In the records below, find the line with "this 1434×1275 image.", then retype it and every following line exactly, stopping after the line with "this 1328×1328 image.". Leave the pictures out.

::: LISTED RECORDS :::

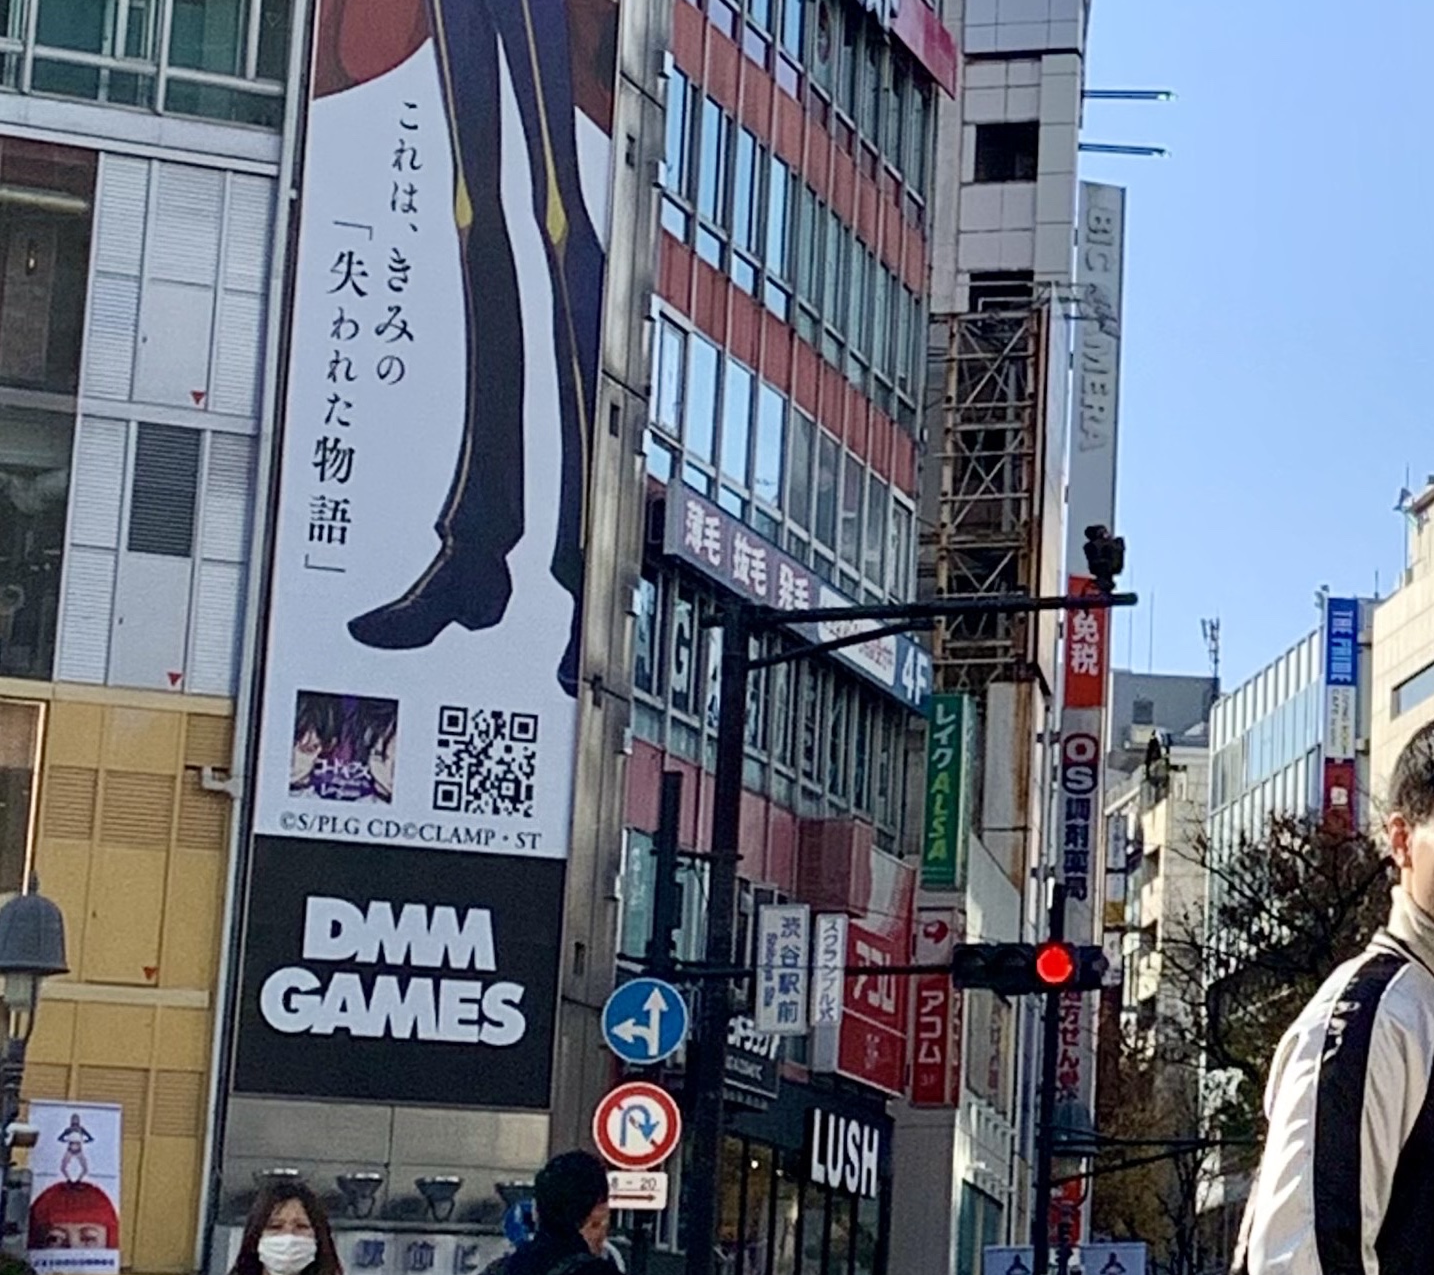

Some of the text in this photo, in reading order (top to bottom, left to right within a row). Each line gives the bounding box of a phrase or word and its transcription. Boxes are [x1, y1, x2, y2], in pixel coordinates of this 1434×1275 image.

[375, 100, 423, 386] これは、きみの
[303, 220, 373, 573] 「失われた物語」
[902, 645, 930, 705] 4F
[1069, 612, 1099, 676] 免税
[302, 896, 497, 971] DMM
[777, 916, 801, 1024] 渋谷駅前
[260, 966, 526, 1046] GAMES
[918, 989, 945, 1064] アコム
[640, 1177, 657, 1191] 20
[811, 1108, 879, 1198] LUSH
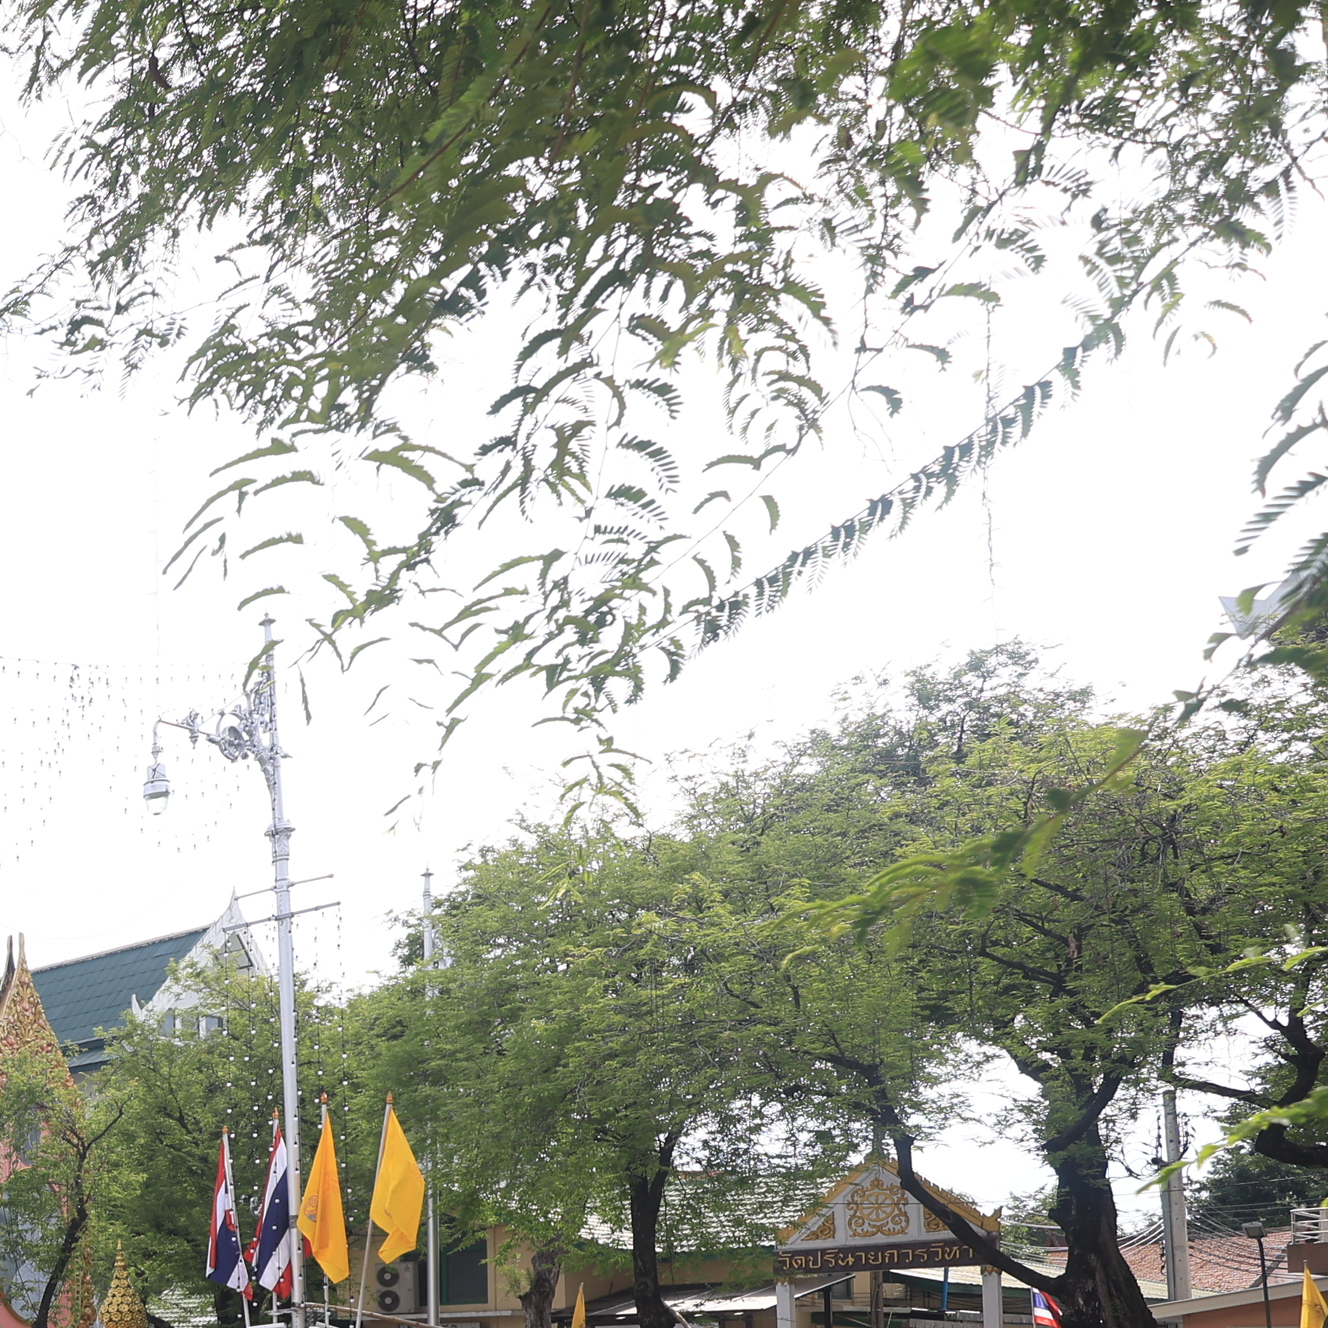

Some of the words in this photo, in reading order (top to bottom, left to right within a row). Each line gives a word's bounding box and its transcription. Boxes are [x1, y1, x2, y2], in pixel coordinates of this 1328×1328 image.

:::
::: LISTED RECORDS :::

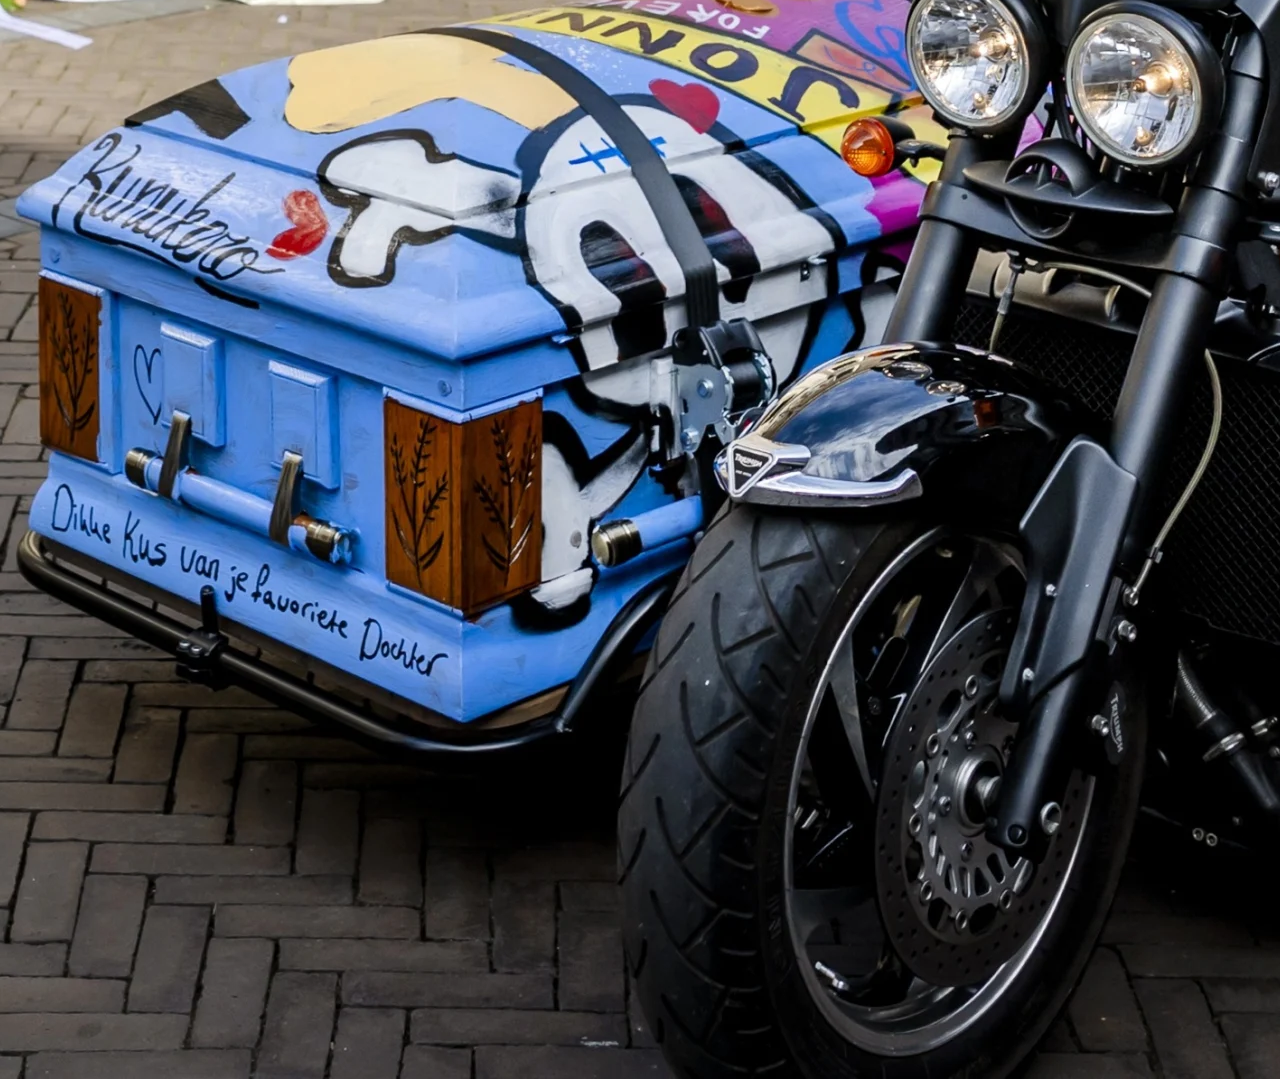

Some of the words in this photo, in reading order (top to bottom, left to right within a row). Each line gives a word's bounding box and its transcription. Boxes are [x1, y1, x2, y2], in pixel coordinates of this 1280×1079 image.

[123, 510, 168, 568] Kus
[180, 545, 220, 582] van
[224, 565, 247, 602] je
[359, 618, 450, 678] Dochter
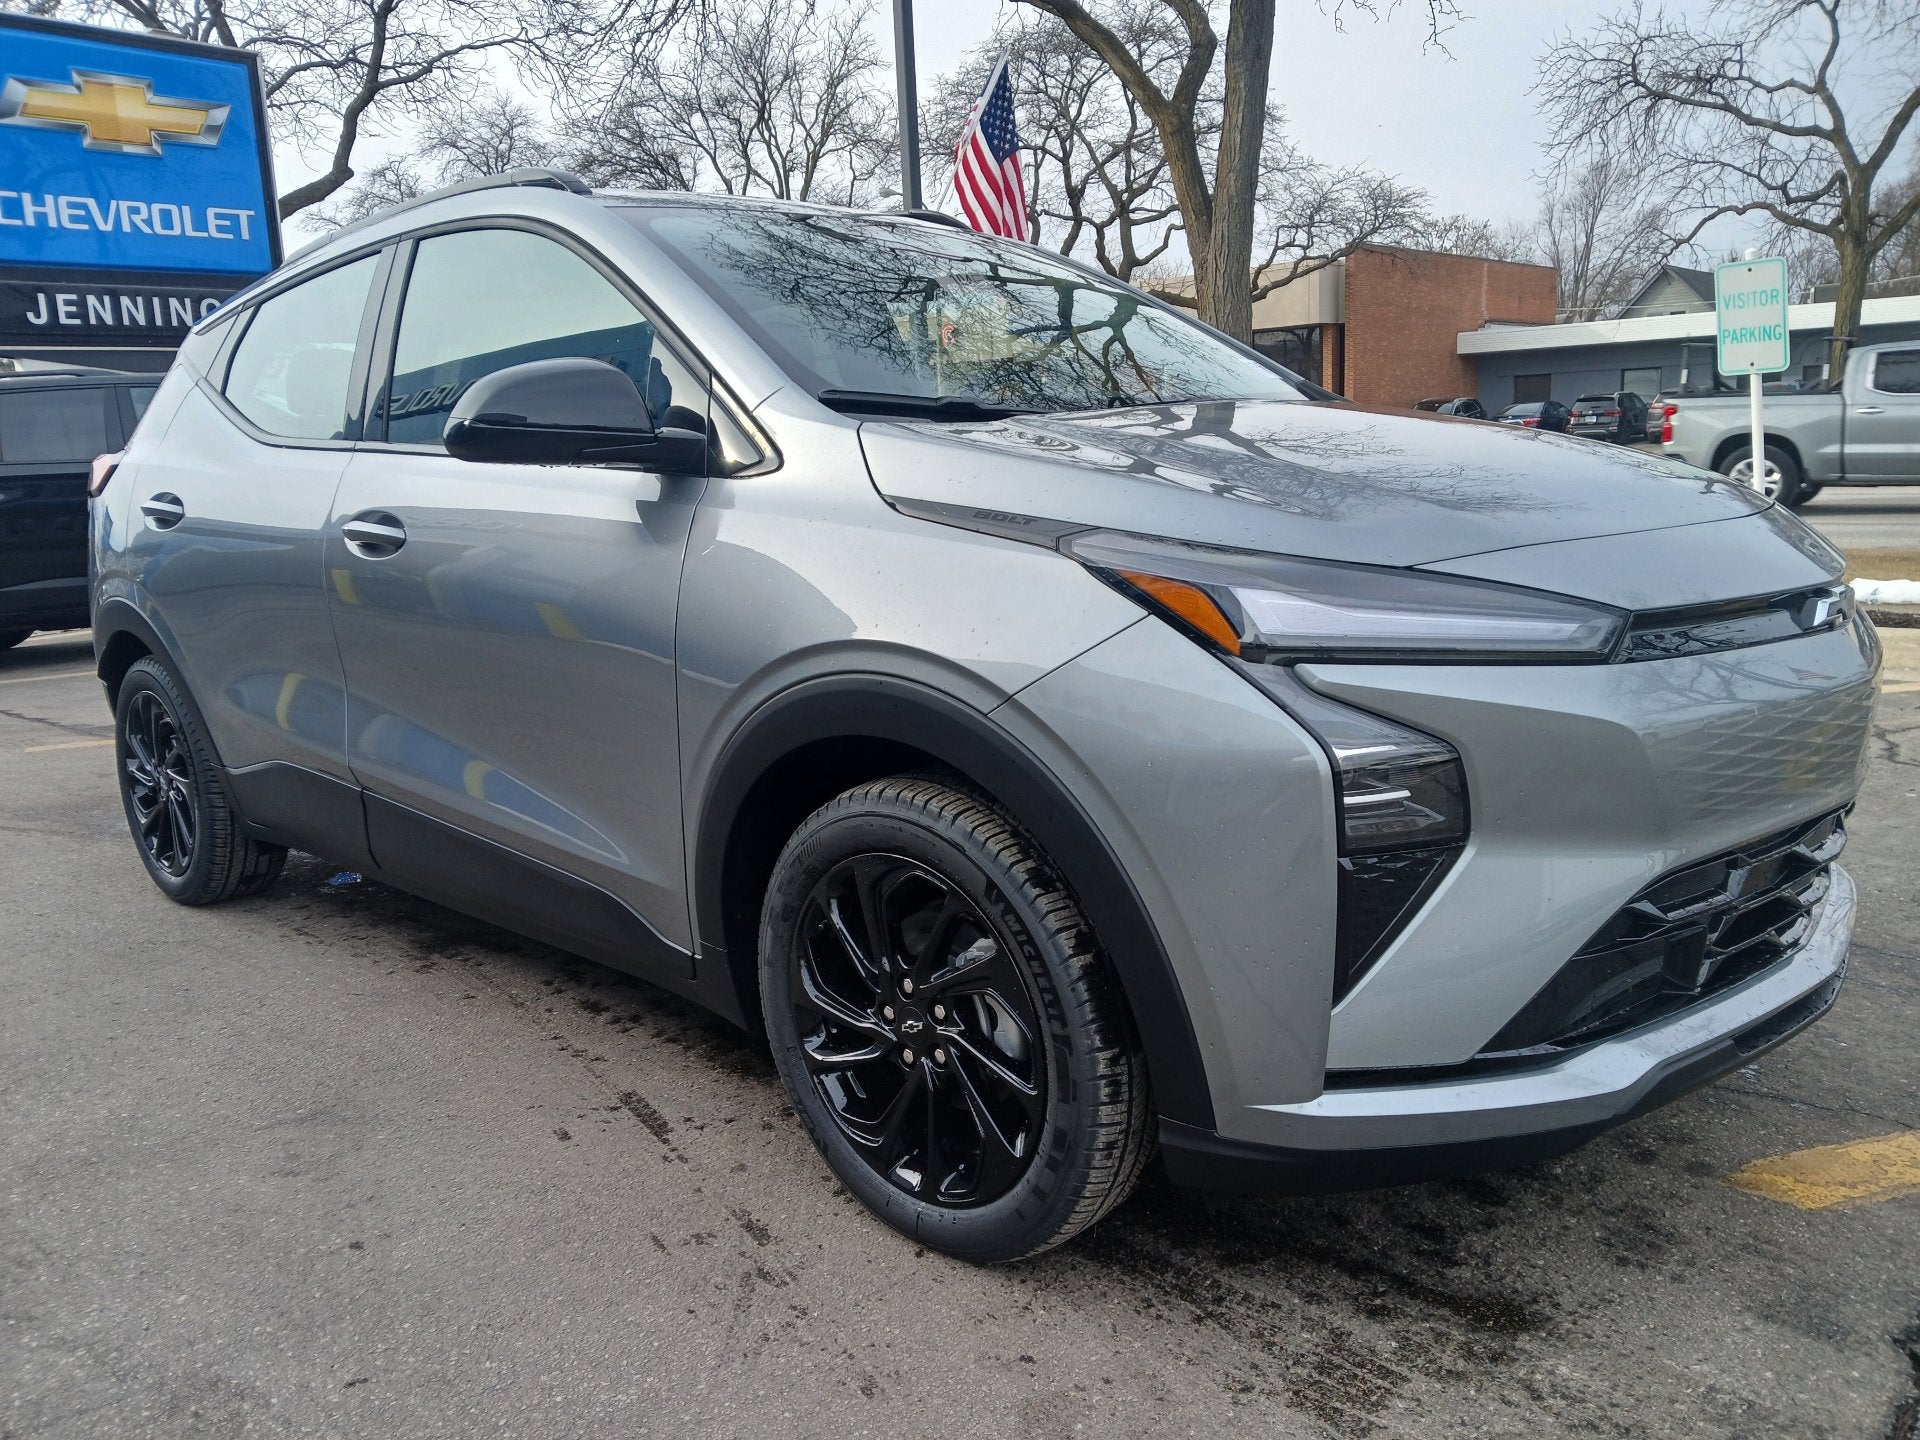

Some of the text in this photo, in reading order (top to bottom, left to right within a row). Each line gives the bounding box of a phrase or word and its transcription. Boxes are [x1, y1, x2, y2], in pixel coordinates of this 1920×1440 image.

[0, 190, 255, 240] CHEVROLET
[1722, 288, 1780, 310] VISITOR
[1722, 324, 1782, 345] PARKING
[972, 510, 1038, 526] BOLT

:::

§ **RESULT**:
Some of the text in this photo, in reading order (top to bottom, left to right within a row). Each line gives the bounding box of a phrase or word and its transcription. Boxes are [x1, y1, x2, y2], in pixel coordinates of this 1434×1275 image.

[375, 100, 423, 386] これは、きみの
[303, 220, 373, 573] 「失われた物語」
[902, 645, 930, 705] 4F
[1069, 612, 1099, 676] 免税
[302, 896, 497, 971] DMM
[777, 916, 801, 1024] 渋谷駅前
[260, 966, 526, 1046] GAMES
[918, 989, 945, 1064] アコム
[640, 1177, 657, 1191] 20
[811, 1108, 879, 1198] LUSH

Some of the words in this photo, in reading order (top to bottom, left to right within a row). Each line gives a word's bounding box and its transcription. Boxes are [x1, y1, x2, y2], in pixel coordinates of this 1328×1328 image.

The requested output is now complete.